Salió desde abajo por el piso y con Mascherano como eje, con centrales abiertos; en la segunda línea, dos laterales que escalaban hasta la altura de Biglia; en la tercera, los tres que jugaron por detrás de Agüero. Esa disposición permitió que Argentina llenara cada rincón del tablero y, así, logró tener opción de pase en cada sector del campo.
Luego, cuando pasaba la mitad de la cancha, mutaba a un dispositivo bien ambicioso: dos centrales cerca del círculo central y dos líneas de cuatro para acorralar al adversario. Cercó al enemigo, sí, pero no lo ahogó. Lo rodeó, jamás lo desbordó.
Con el correr de los minutos la paciencia se tornó parsimonia. El conjunto de Sampaoli rompió la previsibilidad en escasas ocasiones. ¿Cómo se doblega una defensa numerosa y retrasada? Cuatro alternativas básicas: remate desde media distancia, paredes, gambetas y centros. Descartemos la última posibilidad, por la altura del rival. Las otras tres variantes emergieron en forma esporádica y casi siempre Argentina precisó de Messi: de ocho situaciones de gol que elaboró, seis tuvieron su participación directa. Solo dos veces (en el gol y en un centro del ingresado Pavón que se fue cerrando hasta transformarse en remate accidental) Argentina generó peligro real sin depender de los chispazos de la Pulga.
La Selección tiene dos certezas: la mayoría lo esperará replegado y Messi será el jugador más custodiado. Requiere, entonces, de otros nombres y de otras variantes. La inspiración de uno puede abrir un partido. Dos. Tres, quizás. Sin embargo, de ninguna manera un equipo puede soñar sin ser agresivo. Arrimarse al otro arco no necesariamente es sinónimo de atacar; de hecho, es mejor avanzar menos aunque con sorpresa.
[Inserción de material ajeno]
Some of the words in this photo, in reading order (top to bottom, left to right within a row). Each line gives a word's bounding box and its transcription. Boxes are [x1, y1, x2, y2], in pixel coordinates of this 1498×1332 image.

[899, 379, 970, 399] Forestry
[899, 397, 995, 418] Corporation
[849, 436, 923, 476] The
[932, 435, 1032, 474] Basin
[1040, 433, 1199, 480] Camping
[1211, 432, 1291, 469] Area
Y Argentina posee, al menos, una incógnita: ¿cómo responderá su defensa ante un adversario de jerarquía? Contra Islandia ofreció un par de retrocesos fallidos en los que no pudo reagruparse y lograr ese 4-2 que ideó Sampaoli: Salvio, Otamendi, Rojo, Tagliafico; Mascherano, Biglia. Marcar con pocos hombres no es sencillo y se notó, incluso, frente a un seleccionado cauteloso y de moderadas condiciones técnicas.
Para progresar en el Mundial la Selección nacional debe evolucionar. Puede conservar el triple sistema, pero precisa mayor inventiva. Despojarse de la dependencia extrema es, a esta altura, una obligación.